You won’t get far in photography without using the best tripod you can afford. Sure, you can take all sorts of photos handheld. But if you want to take night shots, time lapses, wildlife shots with long telephotos, carefully crafted still lifes, long-exposure landscapes and more, you need the support of the right tripod for you.
However, choosing the best tripod for your digital camera can be tricky: the options vary considerably in size, price and features. If you already know the kind of tripod you want already, such as the best carbon fiber tripod, that makes the search a little easier. But if you need a little more help deciding what's right for you, then this buying guide will guide you – here, you'll find our pick of the top tripods available right now, for a range of different types of photography.
So how do you decide which tripod is best for your DSLR? Well, one thing you’ll quickly find is that a cheap tripod can be a false economy. But aside from price, there are a number of other considerations to make before purchasing a support, from sturdiness to speed of set up, portability and more. You’ll find a detailed run through of all the aspects to consider at the bottom of this buying guide.
Jump straight to: How to buy the right tripod
Our best advice, though, is to invest in the sturdiest tripod you’re prepared to carry, and to consider the type of photography you do. Outdoor photographers, for example, may benefit from an element-resistant, four-section tripod that folds down into a smaller space. Pro and enthusiast photographers would be wise to invest in a customisable modular tripod system, while beginners might prefer a cheaper non-customisable option with a simple three-way pan-and-tilt head.
How much will a decent tripod set you back? Tripod kits that comprise a set of legs and a head can range in price from around $15/£10 for a flimsy, often unbranded option, to about $1,500/£1,250 for a top-of-the-range option.
With an eye on stability, load-bearing capacity, features and performance, we’ve selected eight sturdy – yet sensibly priced – tripods here that we think are the best you can buy right now.
They all cost around the $300/£200 mark, but there are some fundamental differences in design to suit different users. And they all weigh between 1.4kg and 2.6kg, so they’re lightweight enough to be easily carried. Each comes with a ball head, apart from the Benro Mach3, which bucks the trend with a three-way head. They also all have a maximum load rating of at least 5kg; some are rated at twice that or even more.
Here's our pick of the best tripods you can buy right now…
The best tripods in 2018
1. Kenro Karoo Ultimate Travel Tripod
The best tripod overall – a brilliant all-rounder
Material: Carbon fiber | Leg sections: 4 | Max load (legs/head): 10/8kg | Max height (with head): 168cm | Folded height: 48cm | Weight (with head): 1.95kg
The Kenro Karoo Ultimate Travel Tripod is a versatile model. It comes with the now-favoured design of swing-up legs for a reduced folded height of just 48cm, yet achieves a towering maximum operating height of 190cm, literally standing head and shoulders above most ‘travel’ tripods. This is mostly thanks to a novel extending centre column design.

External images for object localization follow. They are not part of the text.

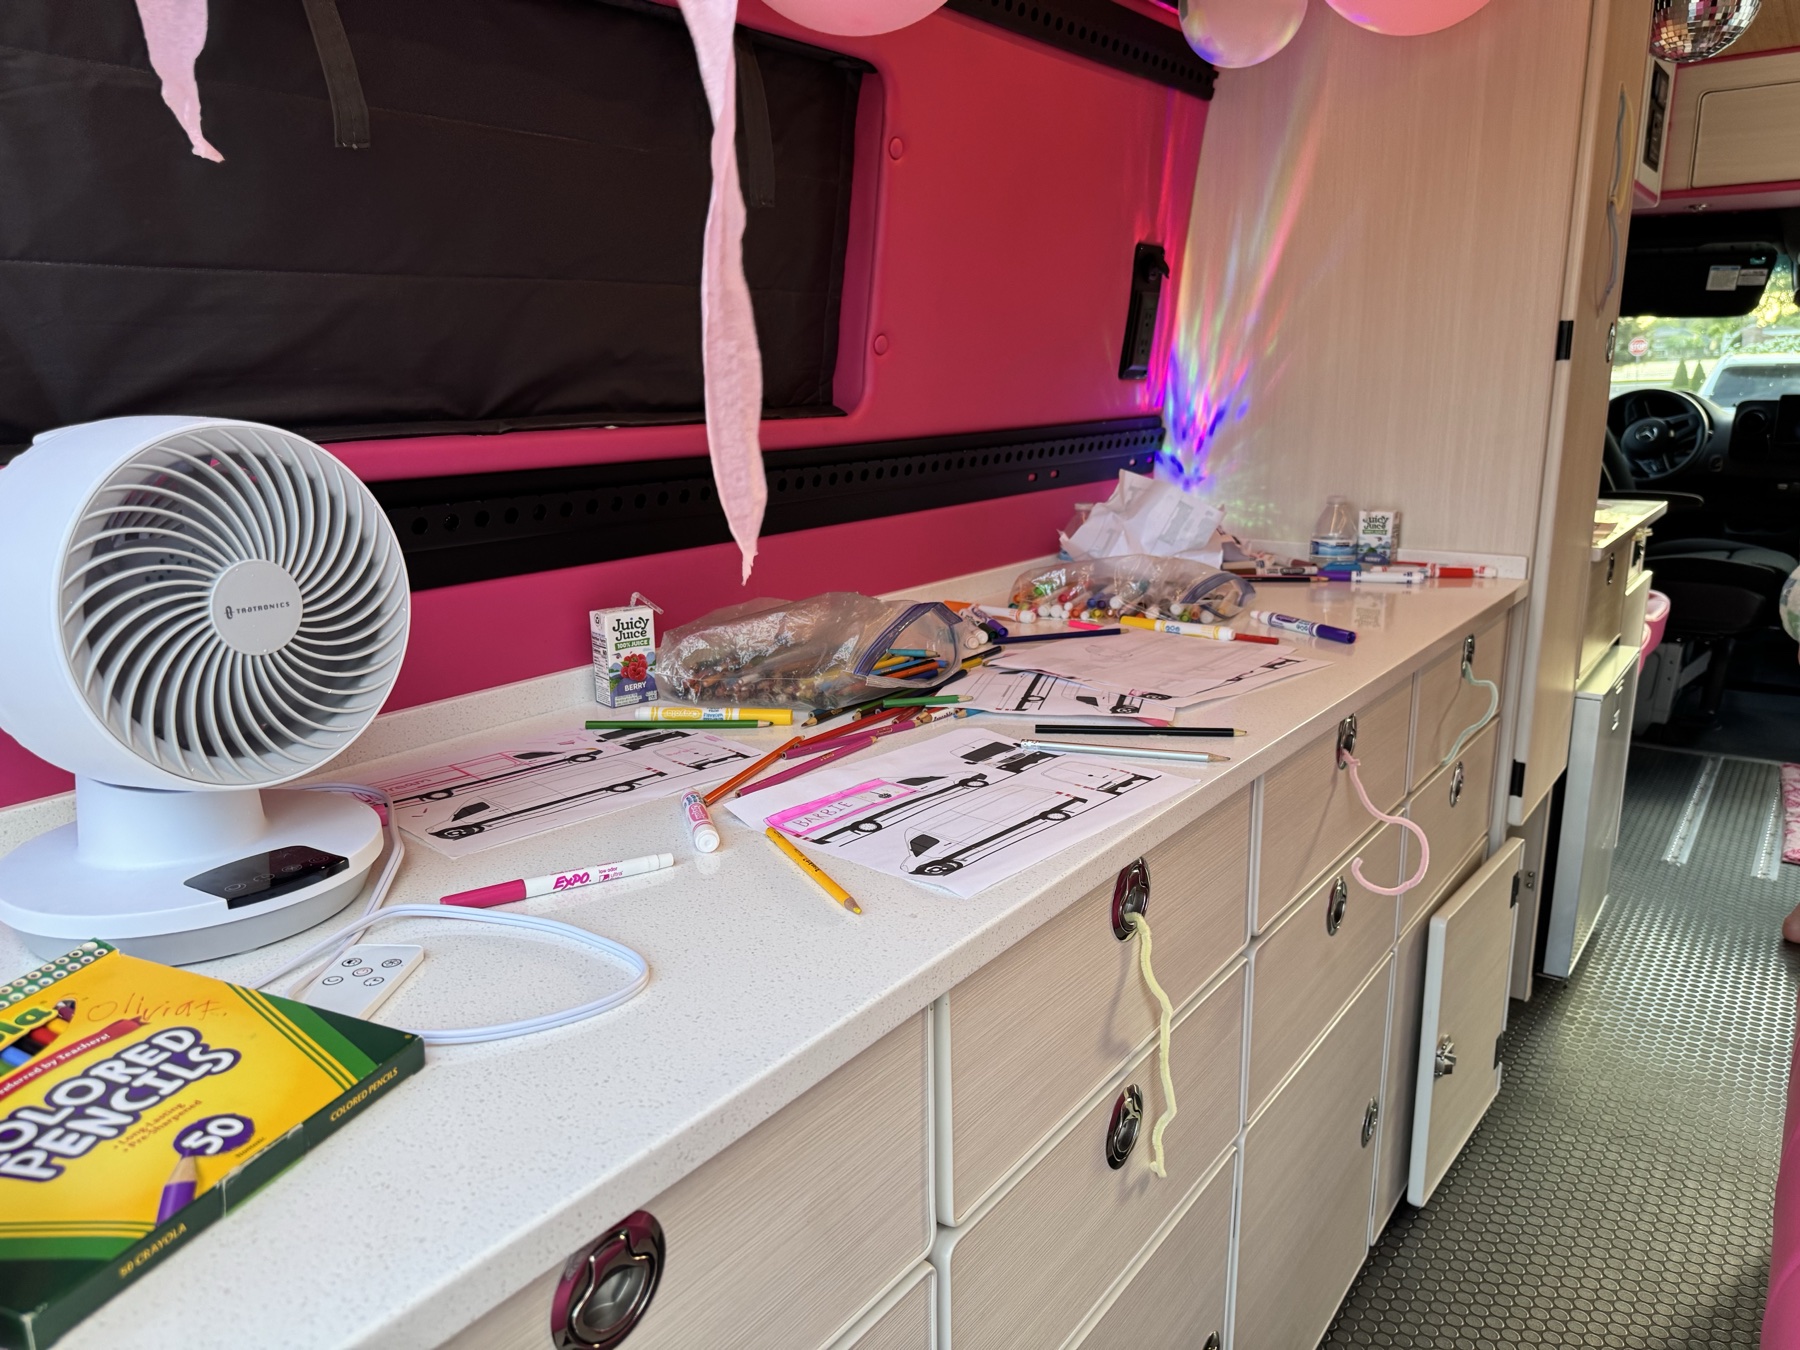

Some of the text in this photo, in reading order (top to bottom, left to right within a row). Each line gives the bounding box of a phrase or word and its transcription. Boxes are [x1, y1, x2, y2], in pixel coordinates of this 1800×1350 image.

[612, 617, 649, 632] Juicy
[616, 629, 647, 641] Juice
[617, 639, 648, 649] 100% JUICE
[624, 681, 647, 692] BERRY
[665, 710, 700, 718] Crayola
[792, 800, 853, 828] BARBIE
[553, 872, 590, 890] EXPO
[43, 1058, 58, 1069] by
[59, 1033, 111, 1061] Teachers!
[0, 1029, 196, 1152] OLORED
[330, 1067, 398, 1121] COLORED PENCILS
[0, 1046, 235, 1179] PENCILS
[180, 1117, 245, 1155] 50
[119, 1223, 187, 1278] 50 CRAYOLA

The four-section legs have identical diameters to those of the Benro tripods, and one leg can be detached for use as a monopod. An important additional trick, matched only by the Manfrotto tripods on test here, is that the centre column has a 90-degree pivot facility – ideal for ultra-wide-angle, macro and very low-level shooting. If you prefer to use a short centre column for ground-level shooting, one is provided as well. Instead of removable feet, retractable metal spikes are fitted within screw-action rubber pads.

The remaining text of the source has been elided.